What is expected.
What you return should match the data word for word, minus the images.

◇ ◇ ◇

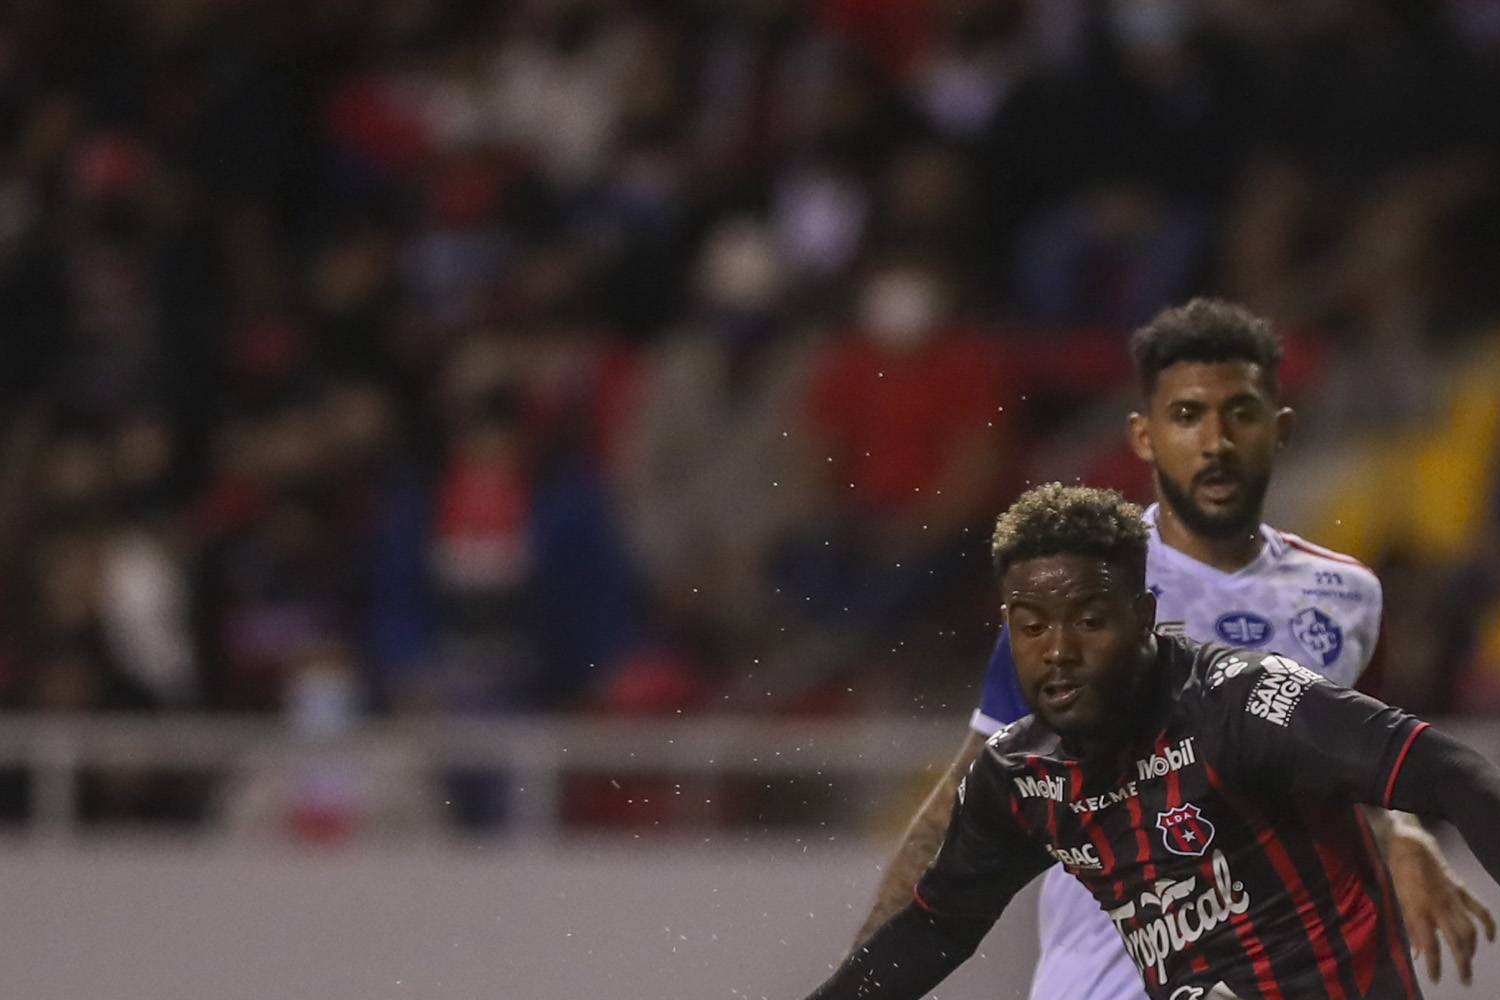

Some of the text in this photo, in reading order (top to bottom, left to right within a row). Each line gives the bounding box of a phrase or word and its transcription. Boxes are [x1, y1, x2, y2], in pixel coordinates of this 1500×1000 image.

[1250, 673, 1287, 718] SAN
[1137, 737, 1196, 781] Mobil
[1014, 775, 1066, 802] Mobil
[1069, 781, 1139, 813] KELME
[1165, 812, 1193, 827] LDA
[1056, 843, 1100, 866] BAC
[1108, 848, 1250, 985] Tropical
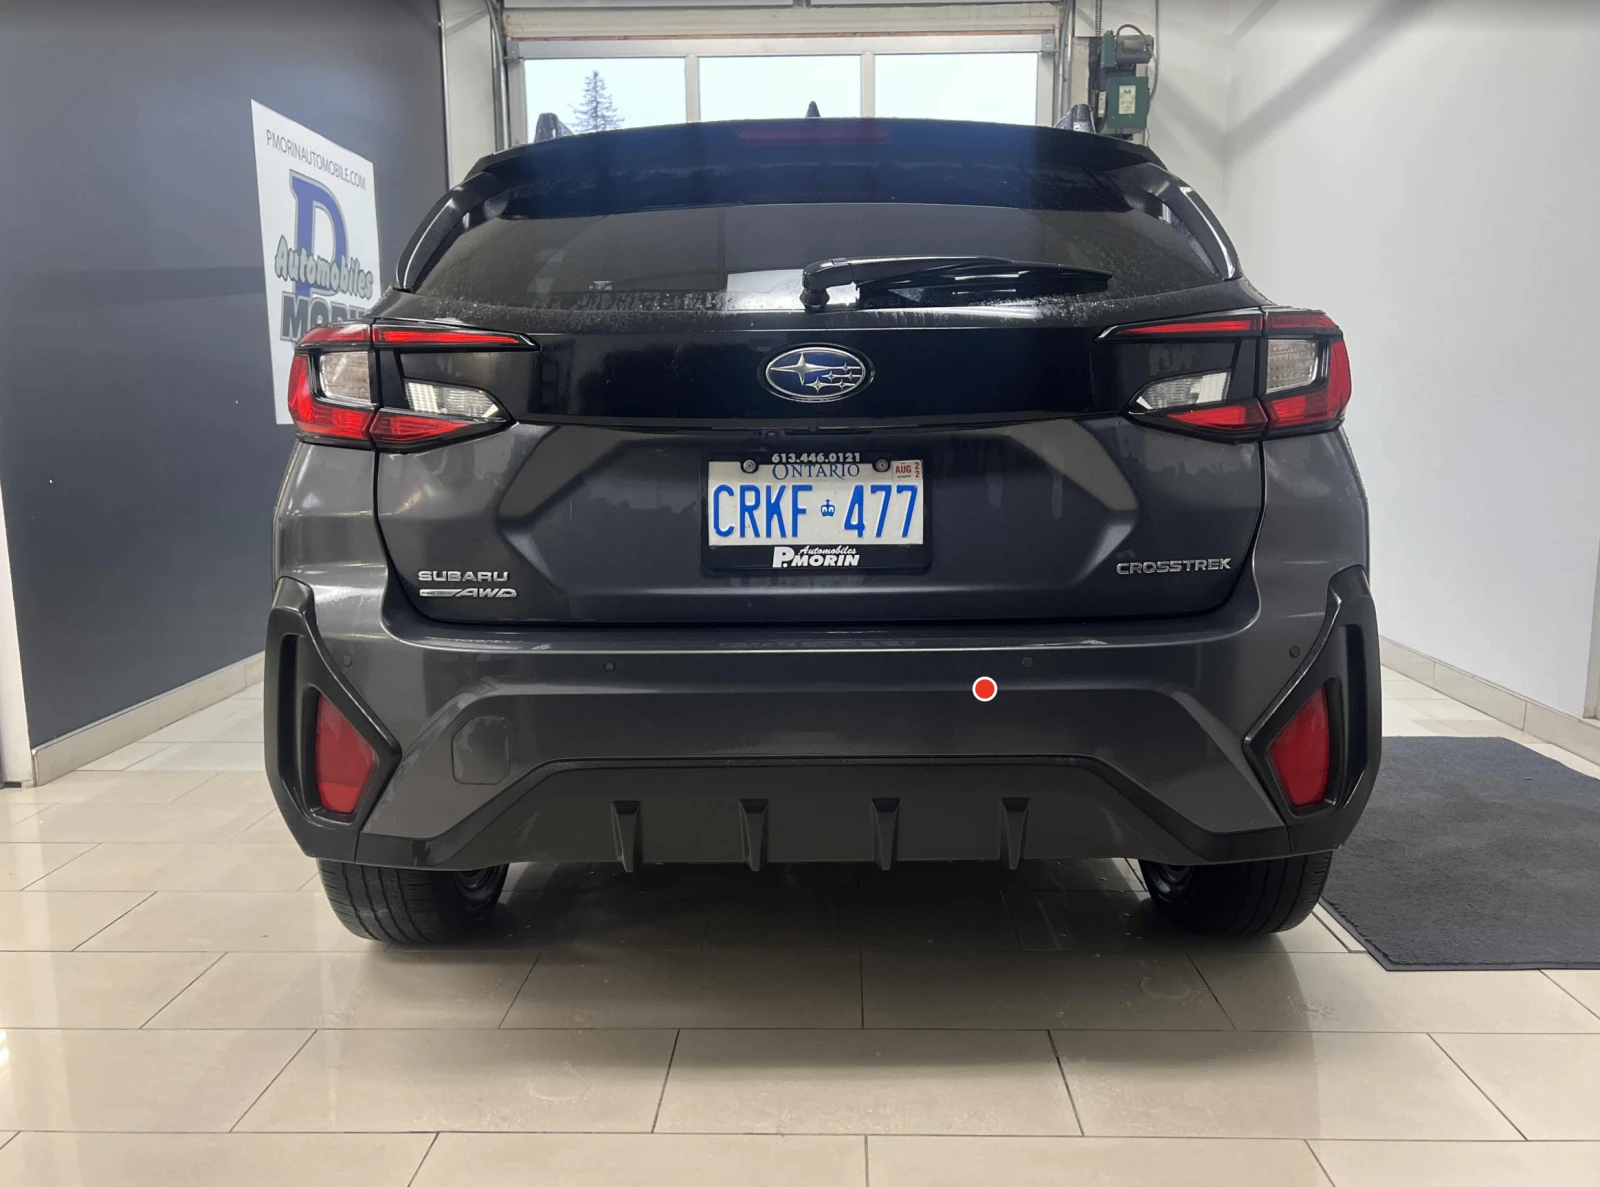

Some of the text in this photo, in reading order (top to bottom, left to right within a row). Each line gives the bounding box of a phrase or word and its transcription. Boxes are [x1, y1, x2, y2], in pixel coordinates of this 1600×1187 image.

◇ ◇ ◇

Response to this task.
Some of the text in this photo, in reading order (top to bottom, left to right within a row). Each line gives the bounding box of a phrase or word and its transcription. Boxes are [x1, y1, x2, y2], in pixel coordinates of this 1500×1000 image.

[1250, 673, 1287, 718] SAN
[1137, 737, 1196, 781] Mobil
[1014, 775, 1066, 802] Mobil
[1069, 781, 1139, 813] KELME
[1165, 812, 1193, 827] LDA
[1056, 843, 1100, 866] BAC
[1108, 848, 1250, 985] Tropical

Some of the text in this photo, in reading order (top to bottom, left to right within a row). Each line gives the bounding box of a phrase or word and its transcription. Boxes are [x1, y1, x2, y2], in pixel coordinates of this 1600×1187 image.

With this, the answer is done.